Significant questions exist as to whether the current, backward-looking catastrophe adjustment process is sufficient for developing insurance rates in today’s climate change reality. Actuaries and scientists have referred to California’s current insurance rules as “primitive” and “unreliable.” They have noted that reliance on historical loss experience for catastrophic fires ignores current reality, such as dry vegetation from drought or increased housing units built in the wildland urban interface (WUI). Additionally, the benefits of adaptation, resiliency, and mitigation efforts cannot be reflected using historical loss data.

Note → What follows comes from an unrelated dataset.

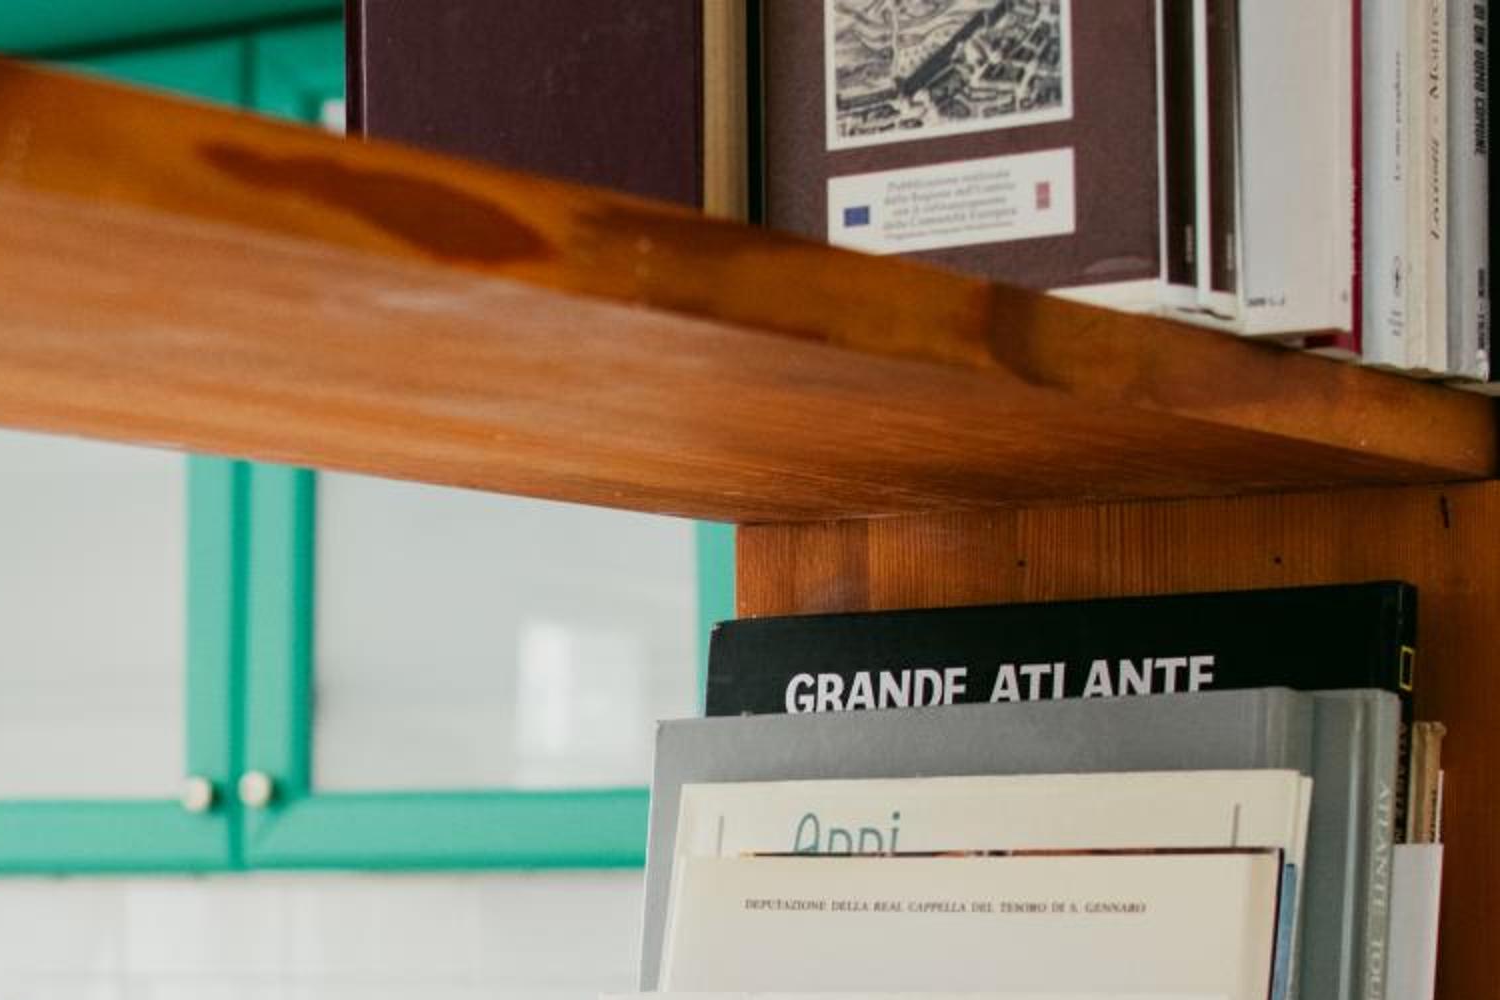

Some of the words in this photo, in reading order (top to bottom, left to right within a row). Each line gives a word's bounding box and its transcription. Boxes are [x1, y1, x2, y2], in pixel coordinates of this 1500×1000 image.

Reliable models that measure current and future risk factors are readily available for insurers to project catastrophic wildfire losses, but they are prohibited from setting total premiums under California law. These so-called wildfire “probabilistic models,”––versions of which also exist for other perils––project catastrophic losses by taking into account many factors such as proximity of structures to other structures and wildlands, structure type/materials, weather patterns, topography, fire suppression resources and risk mitigation measures.

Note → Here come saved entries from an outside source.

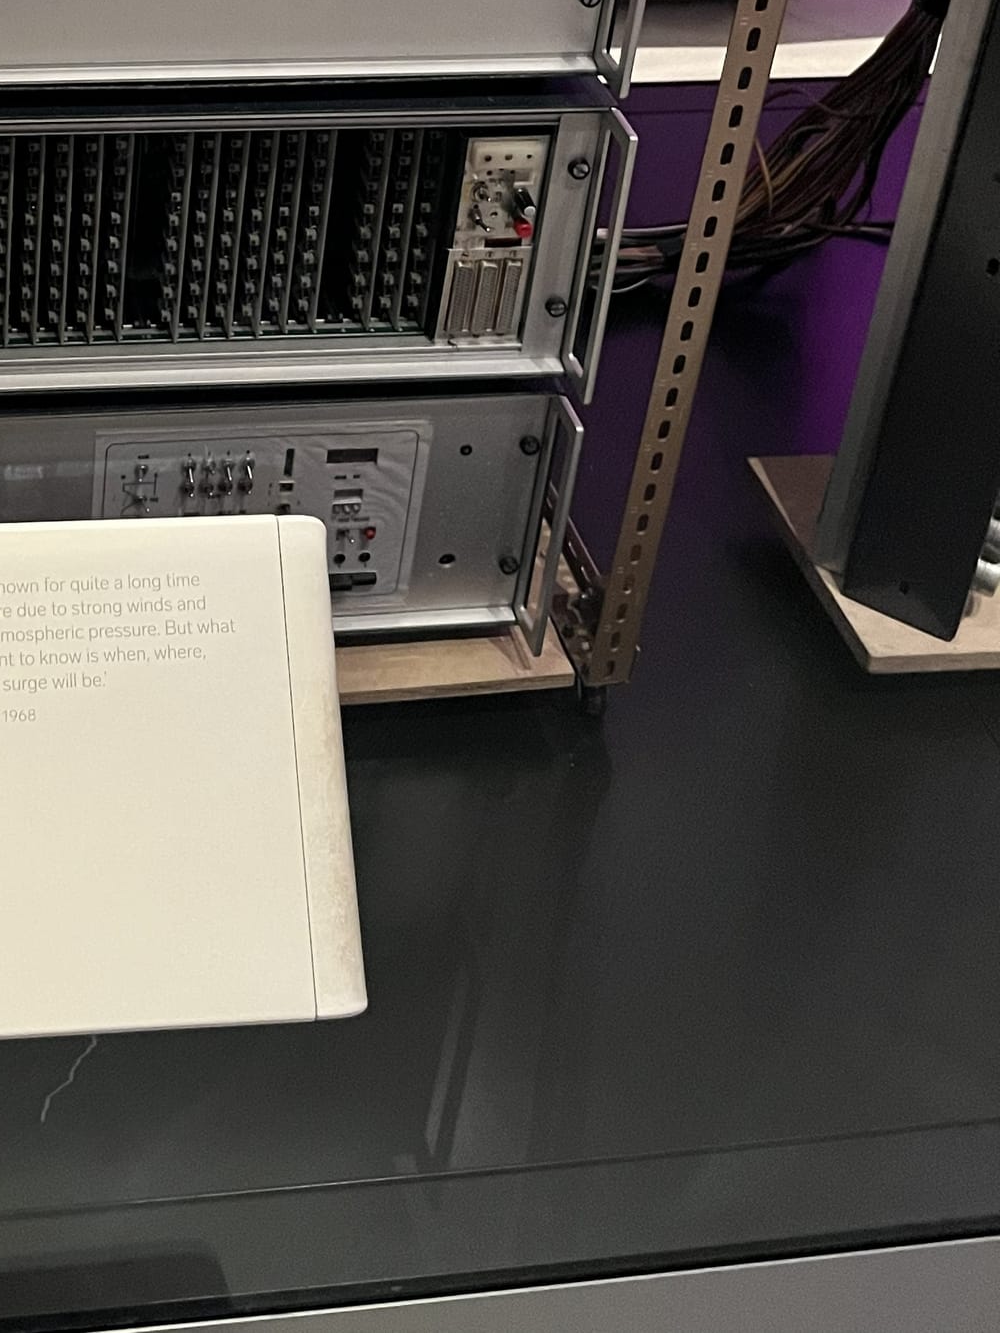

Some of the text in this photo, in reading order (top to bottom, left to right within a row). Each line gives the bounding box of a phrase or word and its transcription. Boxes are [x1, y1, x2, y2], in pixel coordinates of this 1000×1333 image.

[44, 576, 67, 593] for
[69, 575, 110, 595] quite
[113, 577, 124, 591] a
[127, 573, 162, 593] long
[165, 572, 201, 589] time
[16, 601, 47, 619] due
[51, 601, 68, 617] to
[71, 599, 123, 618] strong
[126, 594, 174, 614] winds
[176, 594, 207, 613] and
[88, 623, 161, 643] pressure.
[164, 618, 194, 637] But
[196, 617, 236, 635] what
[19, 651, 36, 667] to
[39, 649, 83, 667] know
[85, 646, 100, 664] is
[103, 645, 151, 664] when,
[153, 643, 207, 661] where,
[2, 676, 48, 695] surge
[51, 671, 77, 690] will
[1, 707, 37, 723] 1968

CDI regulations currently permit the use of probabilistic models for two, other types of low-frequency, high-severity catastrophic perils: 1) earthquake risk and 2) “fire-following” earthquake risk. When filing rate applications for these perils, an insurer projects its losses using these models and the CDI can accept or reject the modeled losses, or request that the insurer modify the projections as a condition of obtaining state approval. Further, members of the public are permitted to intervene in such filings, challenge the projections, and receive compensation for their efforts.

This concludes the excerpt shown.